On Tuesday, the Department of Homeland Security released policies meant to stringently enforce existing immigration laws across the US. Most of these laws existed under the former Obama administration, but were mainly applicable to illegal immigrants found guilty of serious crimes, and deported.
However, the enforcement of the policies included in memos issued by the DHS applies to illegal immigrants who are liable to be detained, convicted and deported for any criminal offense.
Plans have also been announced by DHS to hire 10,000 new immigration and customs agents, and expand the number of detention facilities nationwide. This is indicative of the federal government’s harsh plans against illegal immigrants.
Also indicative of the harsh enforcement measures, the DHS policy will expand to a wider swath of immigrants. Under the Obama administration immediate deportation was applied to immigrants who committed a criminal offense within 14 days of being in the US. The measures to be enforced expands to immigrants in the US for up to 2 years and, unlike the Obama administration which applied the immediate deportation order to people within 100 miles of the border, immediate deportation now applies to illegal immigrants located anywhere in the 50 states.
Another policy that was not the focus of the Obama administration which the DHS directive now enforces is the 287g program. Under this program, US immigration officials, including ICE and agent that patrol the US borders, can utilize the services of local law enforcement officers to help detain immigrants.
According to Miami immigration attorney, Rhonda Bariffe, an affiliate of the Florida Immigration Coalition this measure could have serious implications for municipalities that serve as sanctuary cities. “This is bound to cause conflicts between declared sanctuary cities and federal immigration officials.”
Last year when the Florida Legislature tabled legislation to have local law enforcement assist in detaining and placing immigrants into deportation procedures this was soundly defeated. The proposed legislation also met with strong opposition from most of the residents of South Florida.
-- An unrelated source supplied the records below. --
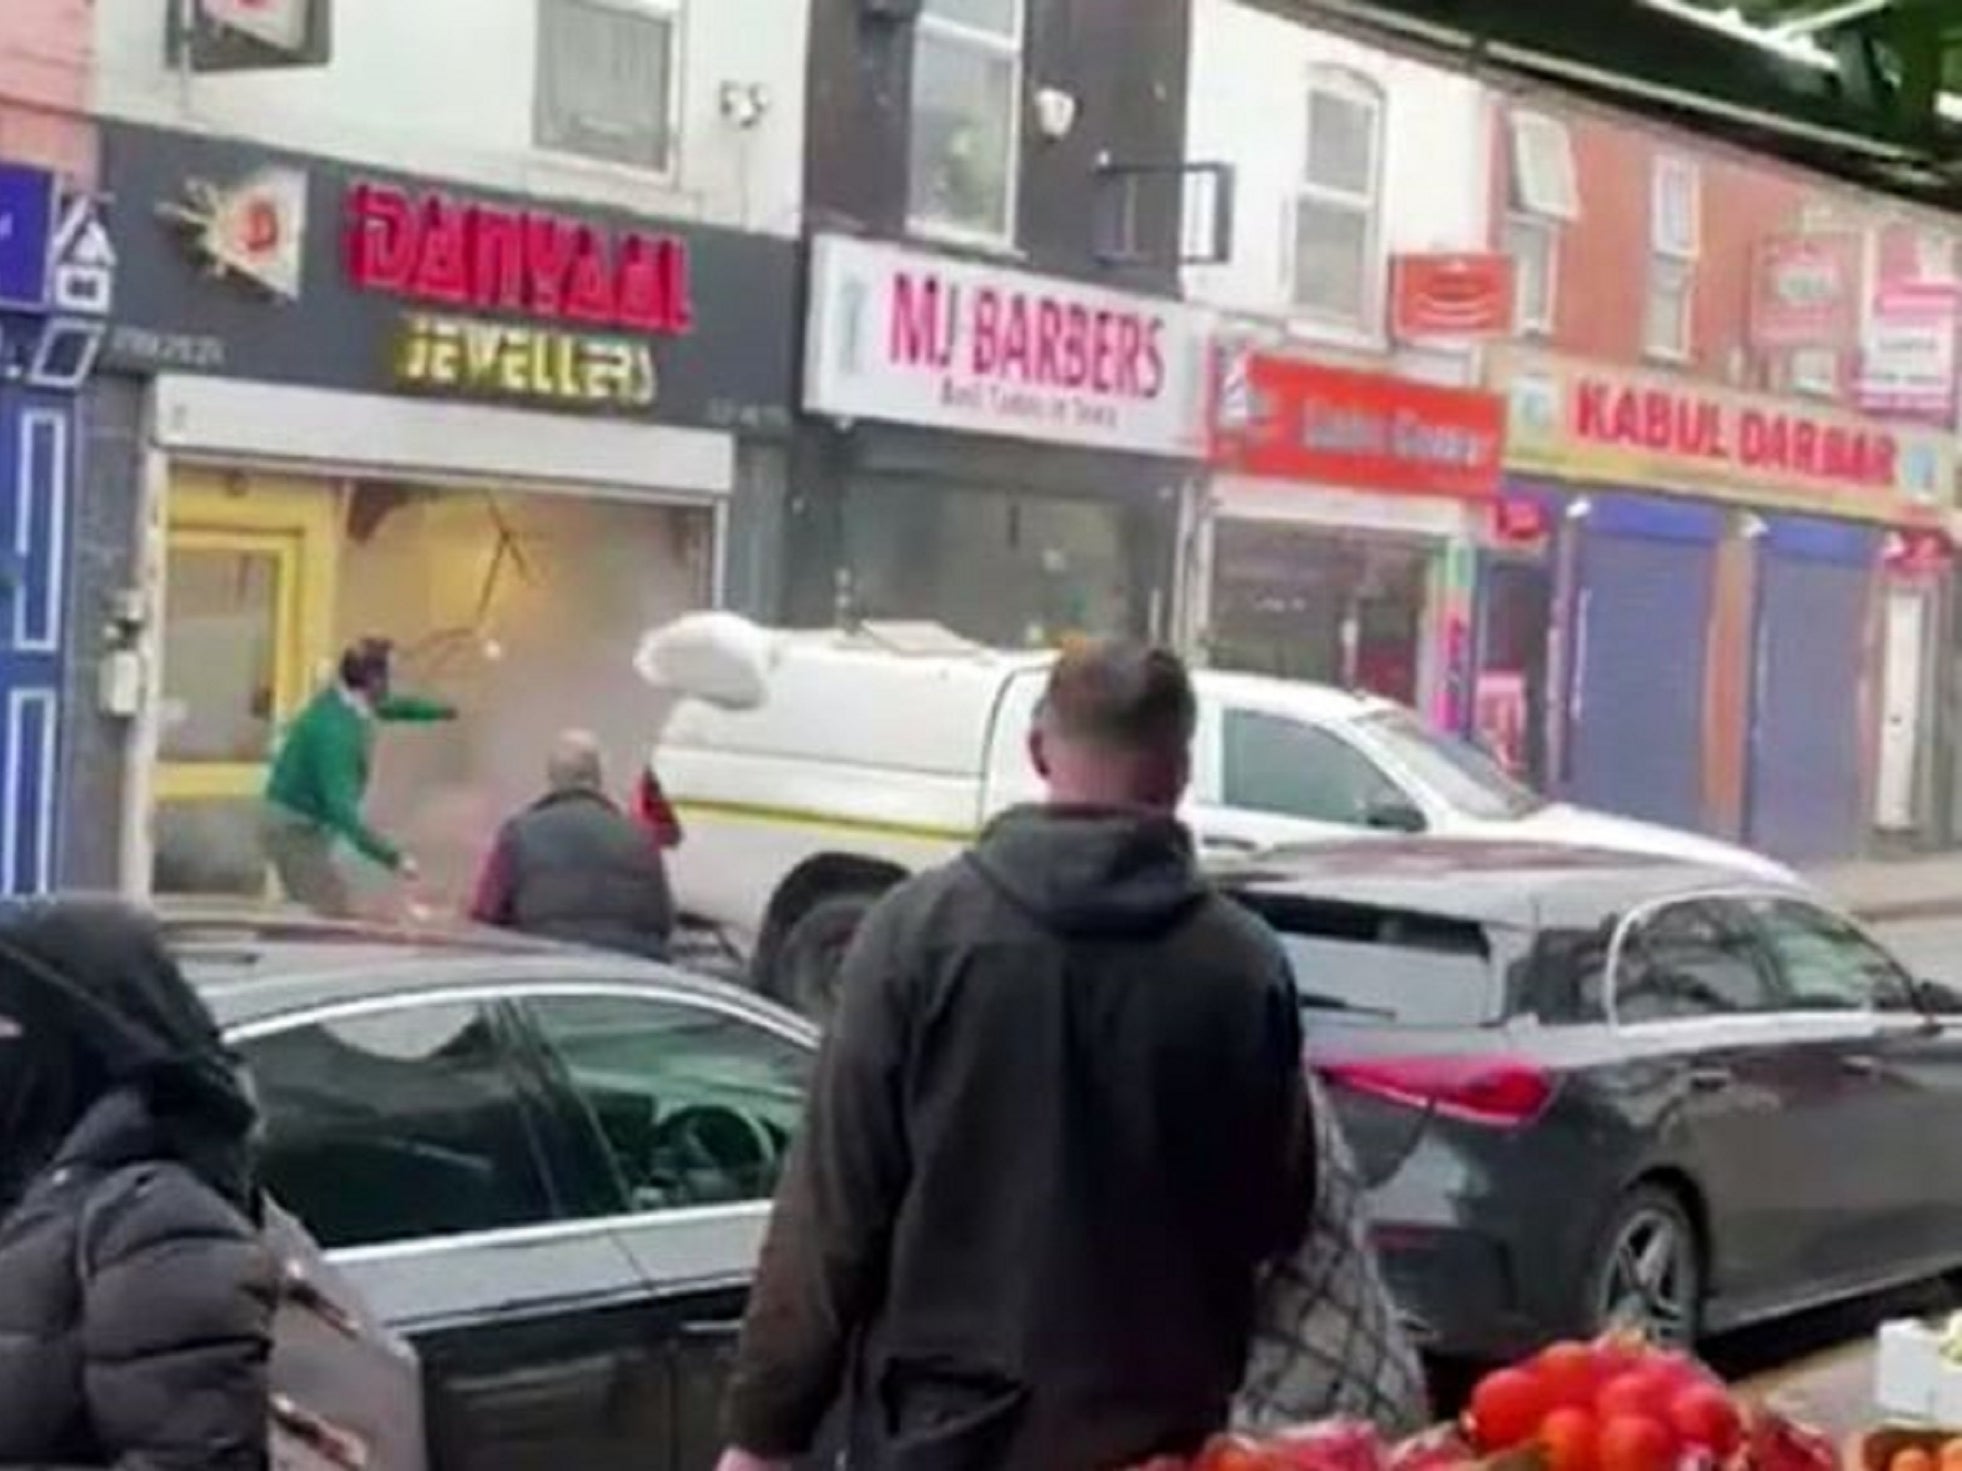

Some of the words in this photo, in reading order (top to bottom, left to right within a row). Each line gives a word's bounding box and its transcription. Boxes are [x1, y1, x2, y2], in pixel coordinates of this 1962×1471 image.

[344, 181, 691, 335] DANYAAL
[404, 317, 656, 403] JEWELLERS
[890, 273, 958, 367] MJ
[973, 289, 1165, 398] BARBERS
[1576, 378, 1727, 459] KABUL
[1738, 408, 1898, 486] DARBAR
Bariffe also believes the proposed enforcement of the existing immigration measures will have “a painful impact on South Florida since the region has one of the largest migrant community in America.” She said she’s among several immigration advocates who are “very concerned” what laws will be interpreted as criminally offenses likely to result in immigrants being detained and processed for deportation. “There are a wide variety of laws. Which of these laws if broken could lead to deportation?”
Following the release of the DHS memos on Tuesday, DHS representatives on a conference call with the media, indicated the department did not plan “on mass deportations.” The enforcement of the laws will be a phased process because of logistical and legal procedures to be addressed before some measures can be implemented.
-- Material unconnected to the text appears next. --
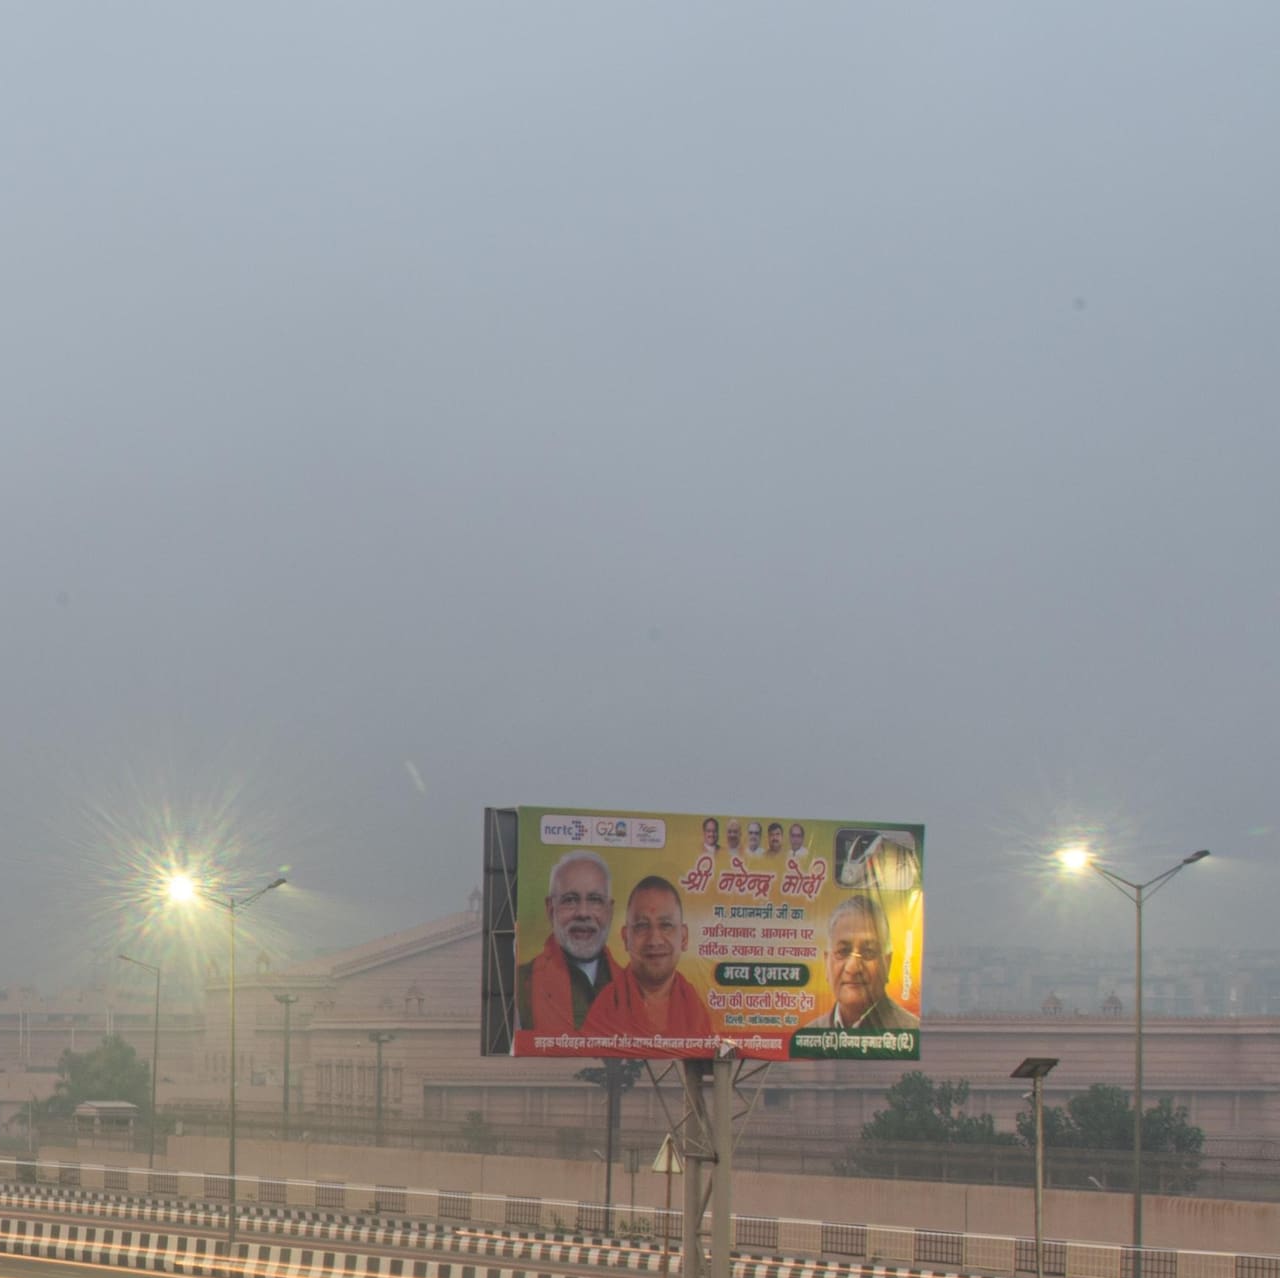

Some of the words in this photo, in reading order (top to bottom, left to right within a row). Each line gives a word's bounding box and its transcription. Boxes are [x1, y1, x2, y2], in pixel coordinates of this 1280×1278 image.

[681, 856, 712, 891] श्री
[782, 859, 826, 897] मोदी
[801, 929, 814, 941] पर
An upside in Tuesdays announcements is that the measures to be enforced does not directly affect DACA, the Deferred Action for Childhood Arrivals program, which through executive order President Obama created legalizing the children of undocumented immigrants born in the US, or brought to the US as infants.
However, Bariffe said the immigration laws to be enforced would still apply to DACA recipients “if they are determined to have broken criminal laws.”